Pictures aside, repeat the listing below exactly.

******

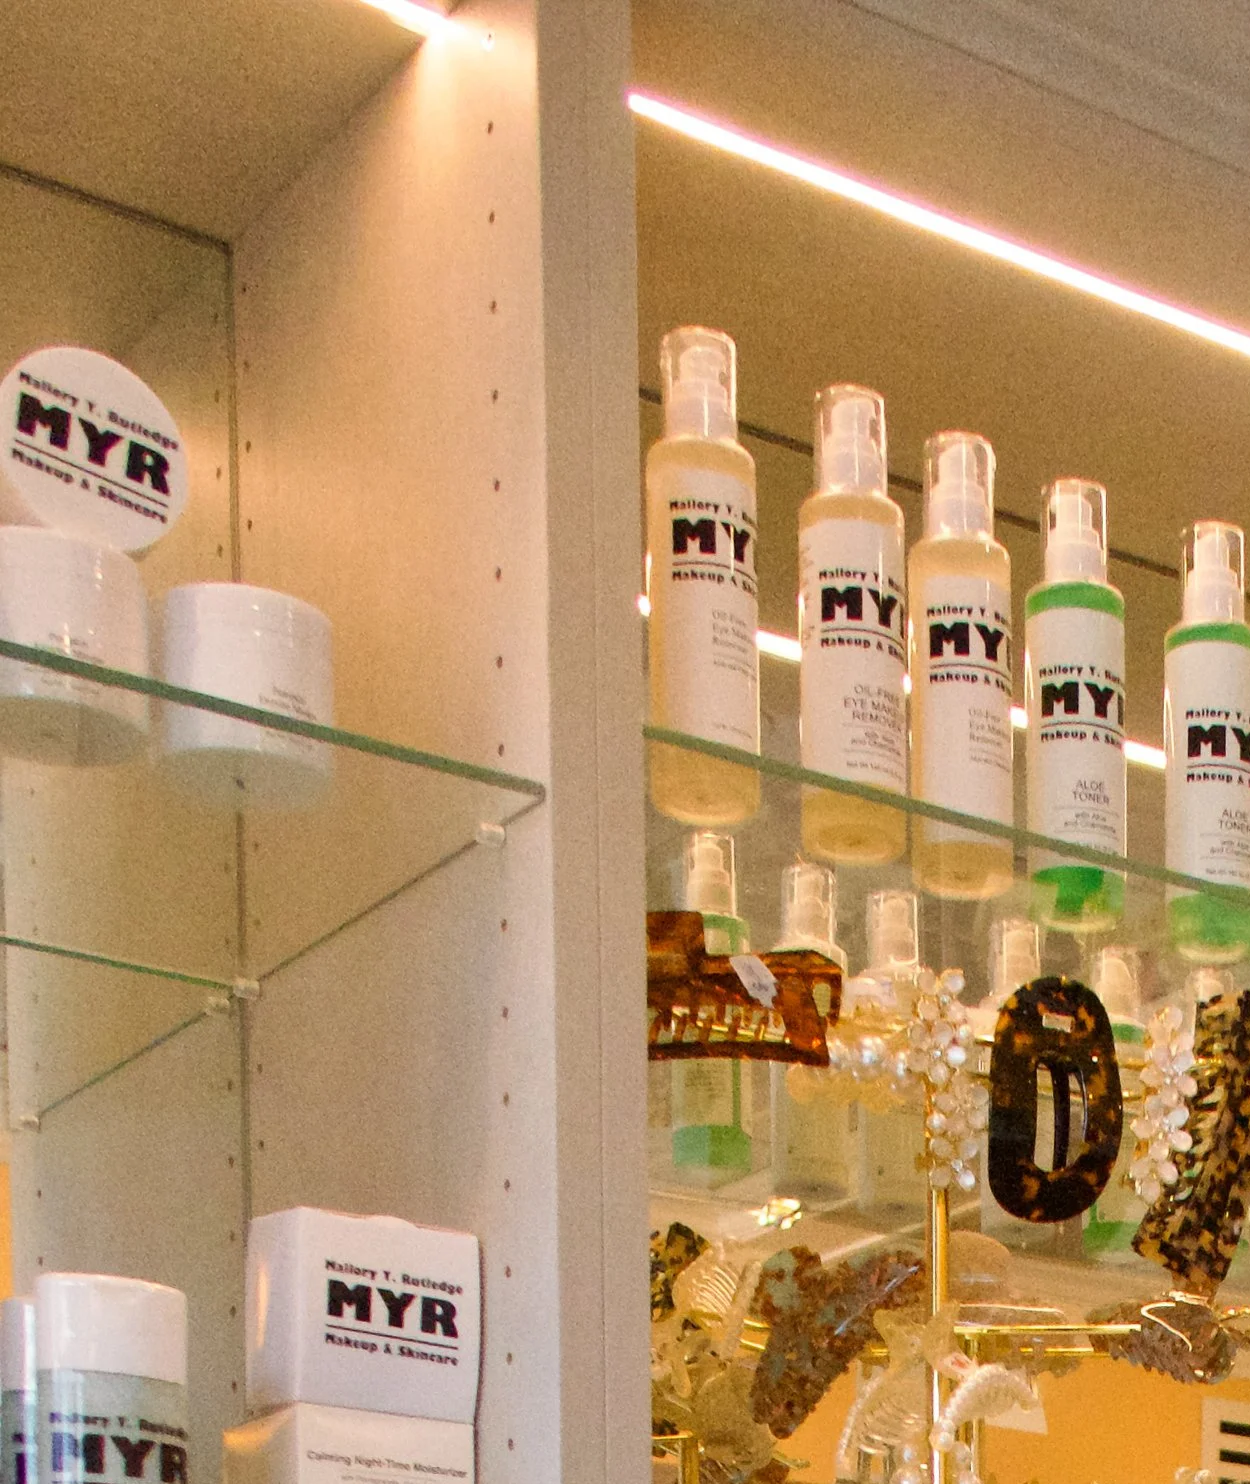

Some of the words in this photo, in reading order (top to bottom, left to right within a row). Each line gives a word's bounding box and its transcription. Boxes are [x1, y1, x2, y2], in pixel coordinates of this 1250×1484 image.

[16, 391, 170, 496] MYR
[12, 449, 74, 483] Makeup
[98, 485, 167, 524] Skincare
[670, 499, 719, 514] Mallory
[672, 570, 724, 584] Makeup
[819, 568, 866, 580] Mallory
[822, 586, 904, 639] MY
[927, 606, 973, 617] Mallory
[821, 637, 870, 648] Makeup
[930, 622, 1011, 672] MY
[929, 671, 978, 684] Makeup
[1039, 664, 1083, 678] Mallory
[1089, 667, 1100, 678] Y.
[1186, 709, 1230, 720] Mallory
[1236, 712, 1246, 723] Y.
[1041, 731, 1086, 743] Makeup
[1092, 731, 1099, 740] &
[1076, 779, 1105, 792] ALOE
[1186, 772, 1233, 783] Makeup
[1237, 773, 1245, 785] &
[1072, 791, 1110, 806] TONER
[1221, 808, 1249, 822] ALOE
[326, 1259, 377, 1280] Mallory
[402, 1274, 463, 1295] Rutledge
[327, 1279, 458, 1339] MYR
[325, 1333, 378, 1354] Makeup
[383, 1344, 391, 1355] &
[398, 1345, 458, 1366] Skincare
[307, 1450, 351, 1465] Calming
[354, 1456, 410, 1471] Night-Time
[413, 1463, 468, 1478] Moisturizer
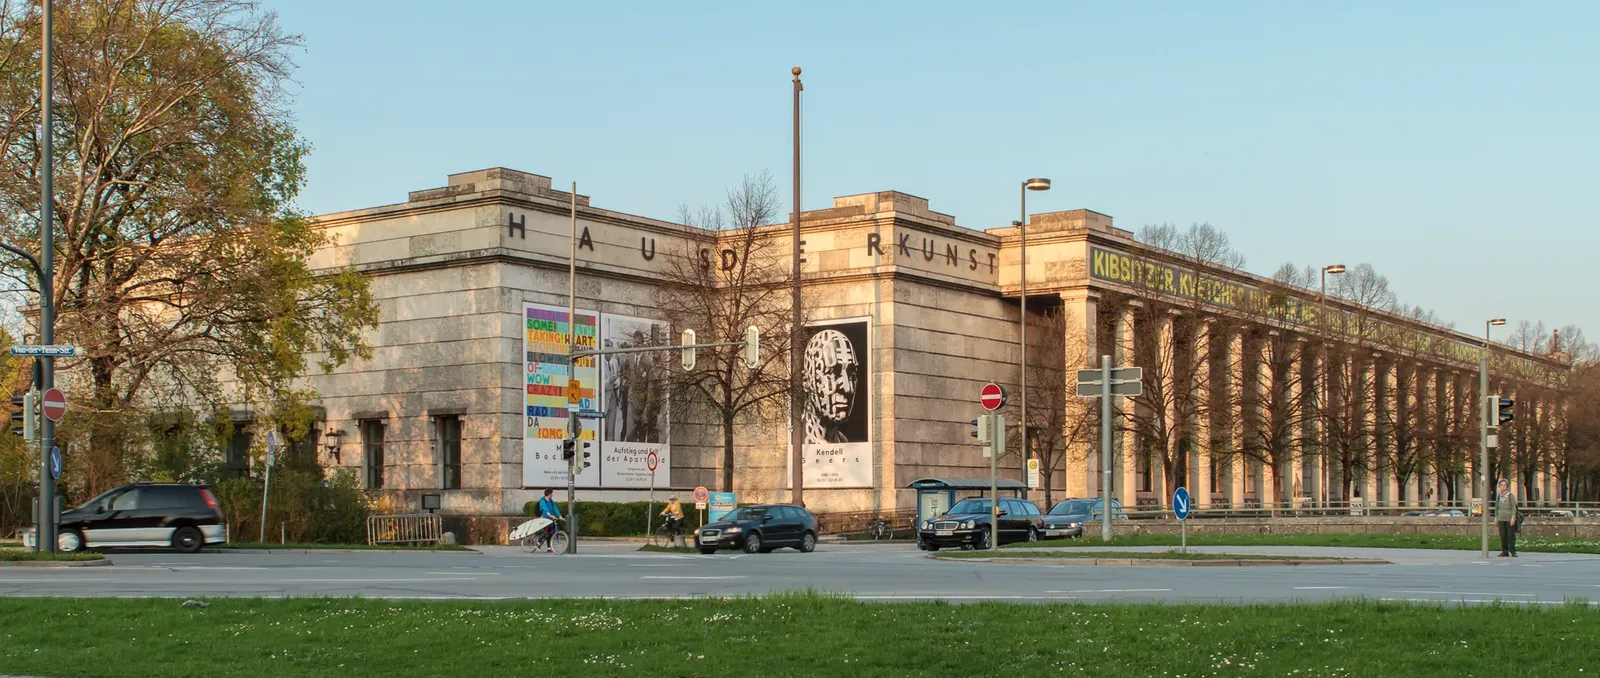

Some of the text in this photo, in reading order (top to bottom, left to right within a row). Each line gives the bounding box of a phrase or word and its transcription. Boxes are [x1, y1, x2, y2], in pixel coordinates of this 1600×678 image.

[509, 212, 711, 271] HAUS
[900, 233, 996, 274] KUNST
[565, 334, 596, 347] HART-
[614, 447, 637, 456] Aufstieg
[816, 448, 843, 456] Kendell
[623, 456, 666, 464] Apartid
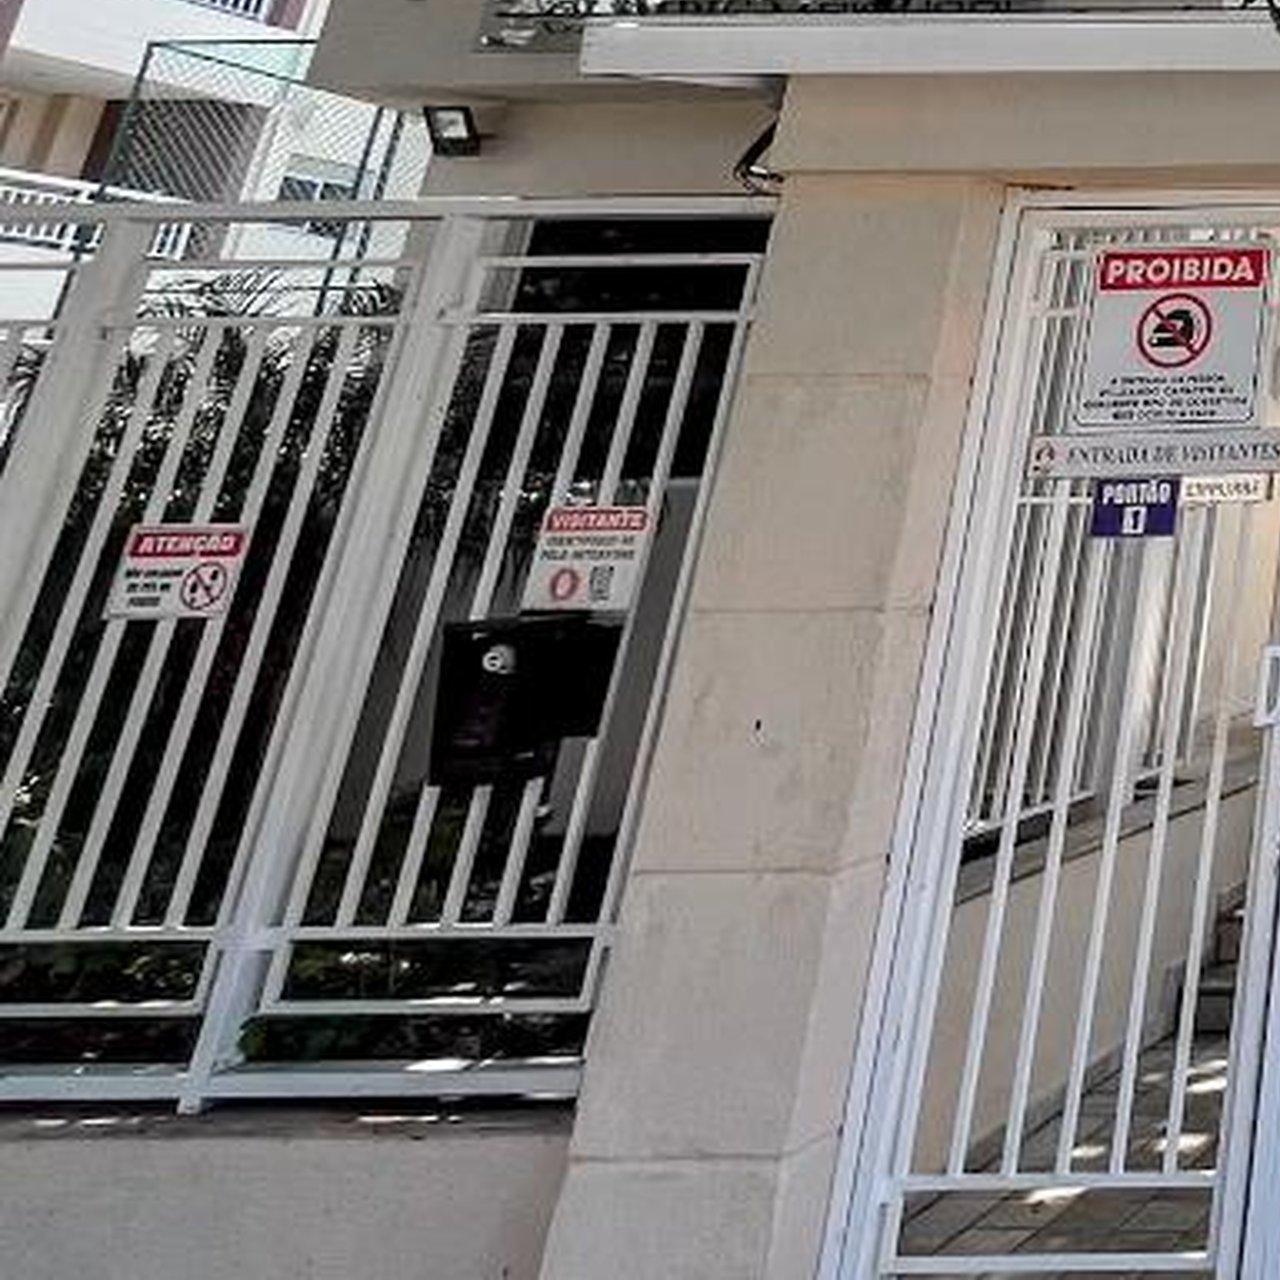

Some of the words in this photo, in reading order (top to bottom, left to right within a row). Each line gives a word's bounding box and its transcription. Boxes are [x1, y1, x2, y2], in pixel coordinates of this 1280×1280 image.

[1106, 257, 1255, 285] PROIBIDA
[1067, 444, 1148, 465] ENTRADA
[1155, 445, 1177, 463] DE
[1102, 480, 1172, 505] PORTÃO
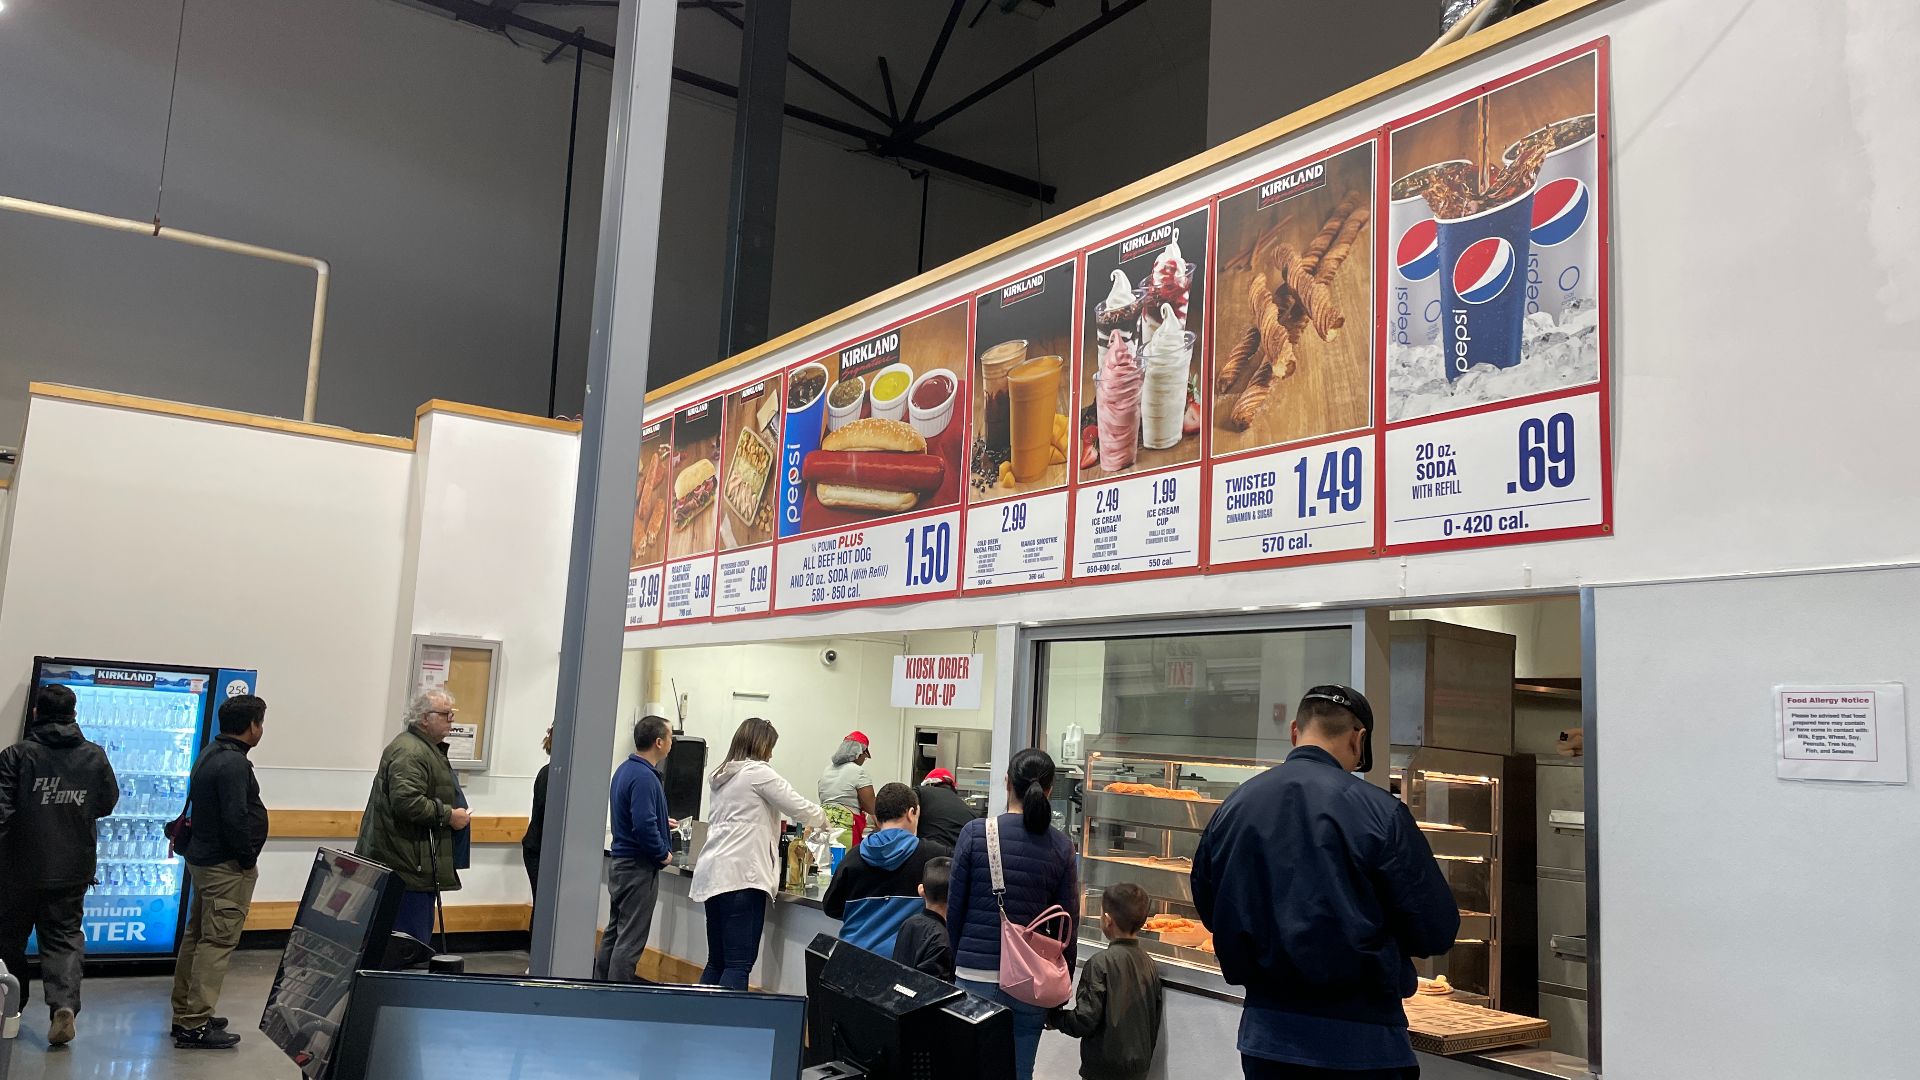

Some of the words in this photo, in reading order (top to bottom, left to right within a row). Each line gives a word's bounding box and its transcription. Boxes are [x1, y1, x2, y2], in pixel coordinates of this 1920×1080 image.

******

**Answer for the task**
Some of the words in this photo, in reading order (top to bottom, left to right within a row). Each line gives a word's bounding box and its transcription. Boxes are [x1, y1, x2, y2], in pixel coordinates of this 1250×1484 image.

[16, 391, 170, 496] MYR
[12, 449, 74, 483] Makeup
[98, 485, 167, 524] Skincare
[670, 499, 719, 514] Mallory
[672, 570, 724, 584] Makeup
[819, 568, 866, 580] Mallory
[822, 586, 904, 639] MY
[927, 606, 973, 617] Mallory
[821, 637, 870, 648] Makeup
[930, 622, 1011, 672] MY
[929, 671, 978, 684] Makeup
[1039, 664, 1083, 678] Mallory
[1089, 667, 1100, 678] Y.
[1186, 709, 1230, 720] Mallory
[1236, 712, 1246, 723] Y.
[1041, 731, 1086, 743] Makeup
[1092, 731, 1099, 740] &
[1076, 779, 1105, 792] ALOE
[1186, 772, 1233, 783] Makeup
[1237, 773, 1245, 785] &
[1072, 791, 1110, 806] TONER
[1221, 808, 1249, 822] ALOE
[326, 1259, 377, 1280] Mallory
[402, 1274, 463, 1295] Rutledge
[327, 1279, 458, 1339] MYR
[325, 1333, 378, 1354] Makeup
[383, 1344, 391, 1355] &
[398, 1345, 458, 1366] Skincare
[307, 1450, 351, 1465] Calming
[354, 1456, 410, 1471] Night-Time
[413, 1463, 468, 1478] Moisturizer

Some of the text in this photo, in reading order (top to bottom, left to right within a row). Each line gives the bounding box of a phrase or word and its transcription. Boxes are [x1, y1, x2, y2], in pixel coordinates of this 1600×678 image.

[509, 212, 711, 271] HAUS
[900, 233, 996, 274] KUNST
[565, 334, 596, 347] HART-
[614, 447, 637, 456] Aufstieg
[816, 448, 843, 456] Kendell
[623, 456, 666, 464] Apartid

Some of the words in this photo, in reading order (top to bottom, left to right within a row). Each line gives a word's bounding box and its transcription. Boxes are [x1, y1, x2, y2], in pixel coordinates of this 1280×1280 image.

[1106, 257, 1255, 285] PROIBIDA
[1067, 444, 1148, 465] ENTRADA
[1155, 445, 1177, 463] DE
[1102, 480, 1172, 505] PORTÃO

Some of the words in this photo, in reading order (top to bottom, left to right within a row). Each line gives a word's bounding box and its transcription. Boxes are [x1, y1, x2, y2], in pixel coordinates of this 1920×1080 image.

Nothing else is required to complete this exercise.